#### [Activity]
Give every line of the data again, unchanged, but with no pictures.

#### [Entries provided]
-- -- --

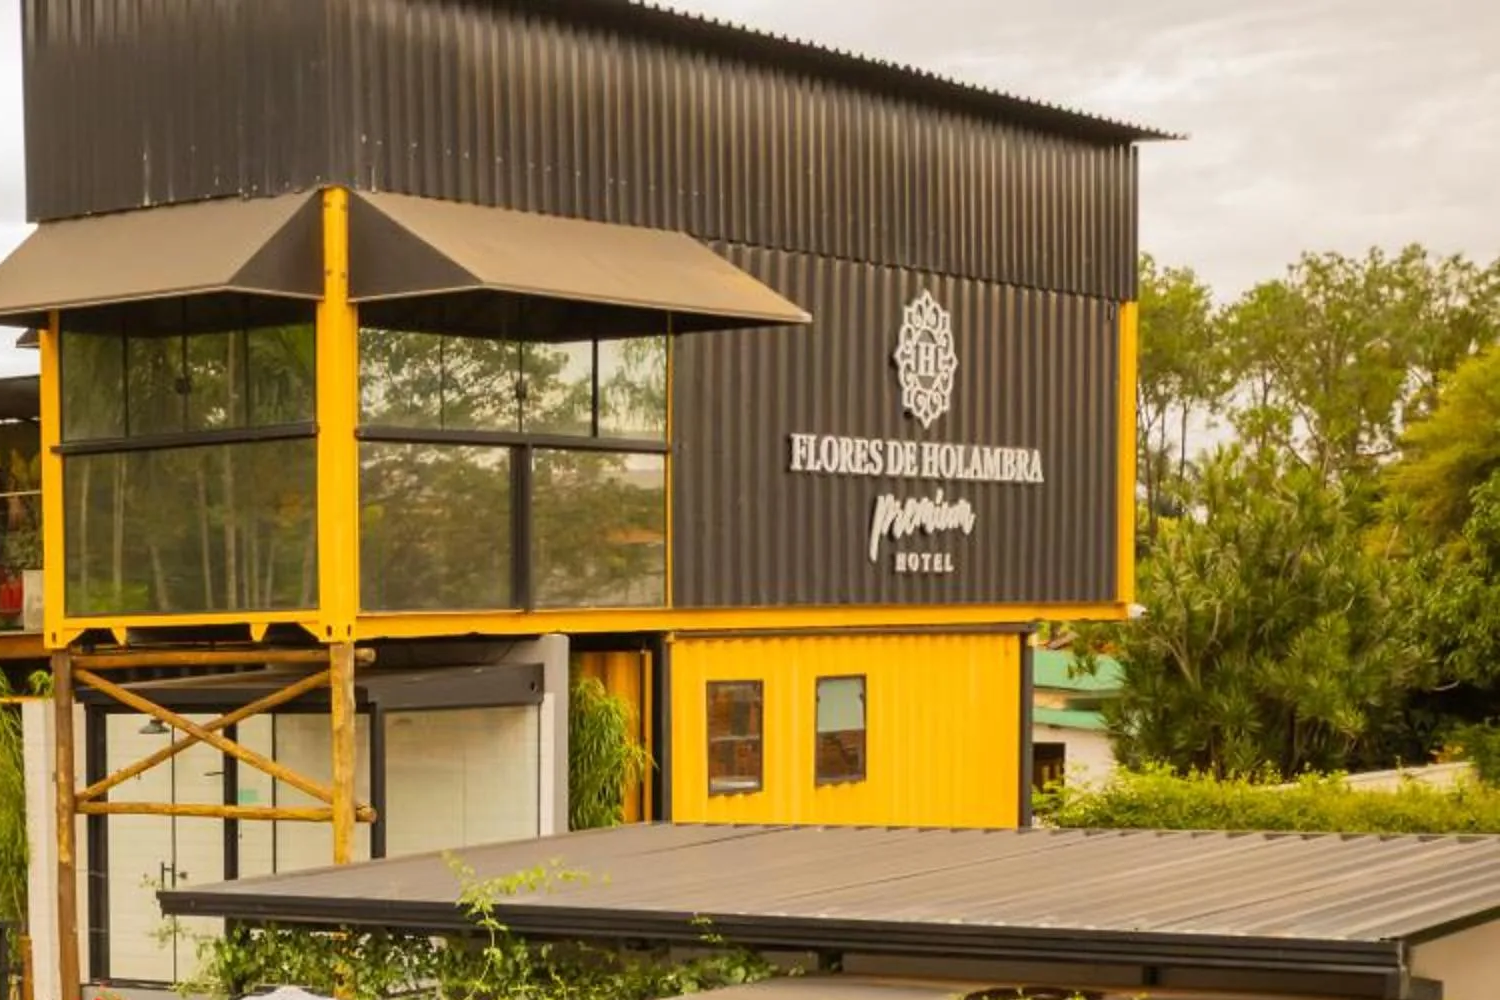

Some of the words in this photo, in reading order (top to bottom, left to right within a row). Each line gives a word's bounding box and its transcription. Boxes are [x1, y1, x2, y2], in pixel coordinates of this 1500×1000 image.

[790, 433, 884, 476] FLORES
[885, 440, 918, 477] DE
[920, 442, 1045, 482] HOLAMBRA
[895, 552, 954, 572] HOTEL

-- -- --

#### [Result of this exercise]
Some of the words in this photo, in reading order (top to bottom, left to right within a row). Each line gives a word's bounding box and its transcription. Boxes are [x1, y1, x2, y2], in pixel coordinates of this 1500×1000 image.

[790, 433, 884, 476] FLORES
[885, 440, 918, 477] DE
[920, 442, 1045, 482] HOLAMBRA
[895, 552, 954, 572] HOTEL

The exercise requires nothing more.